Your assignment => Only the text belongs in the copy. Transcribe the data exactly and drop any pictures.

Material provided =>
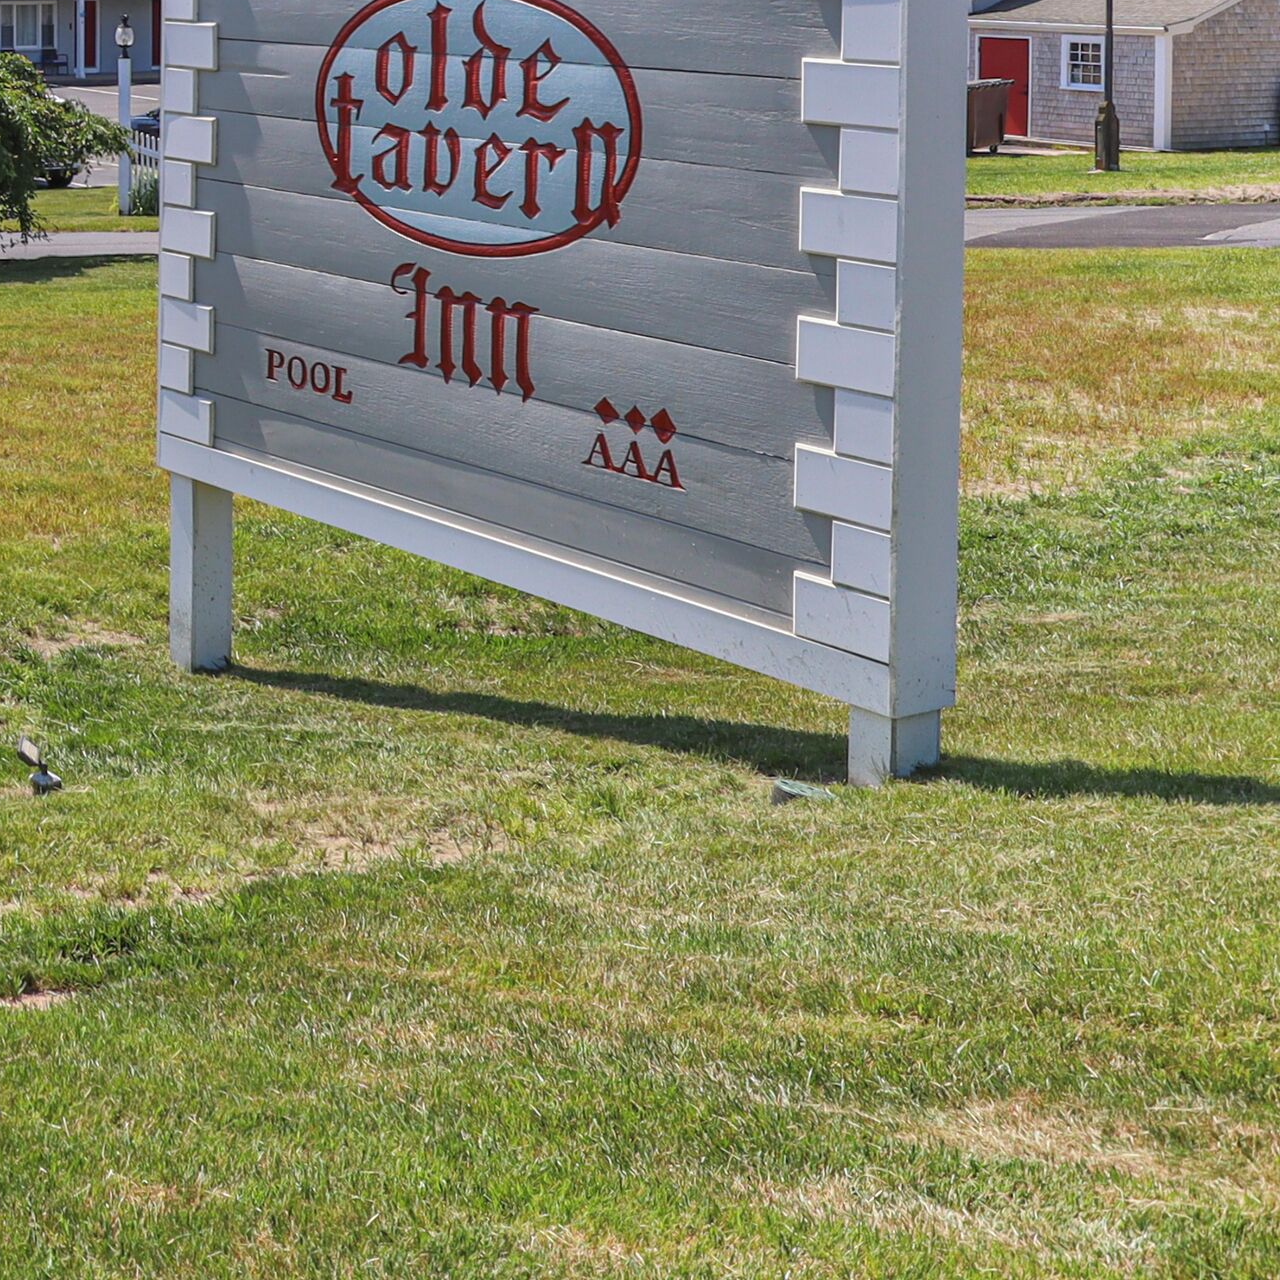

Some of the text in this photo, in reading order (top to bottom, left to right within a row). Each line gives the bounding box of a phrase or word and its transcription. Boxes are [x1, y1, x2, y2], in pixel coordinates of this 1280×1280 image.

[375, 0, 571, 122] olde
[329, 73, 625, 231] tavern
[264, 348, 353, 405] POOL
[391, 261, 540, 403] Inn
[582, 433, 685, 489] AAA

Problem solution =>
Some of the text in this photo, in reading order (top to bottom, left to right within a row). Each line gives the bounding box of a phrase or word and its transcription. Boxes are [x1, y1, x2, y2], in pixel coordinates of this 1280×1280 image.

[375, 0, 571, 122] olde
[329, 73, 625, 231] tavern
[264, 348, 353, 405] POOL
[391, 261, 540, 403] Inn
[582, 433, 685, 489] AAA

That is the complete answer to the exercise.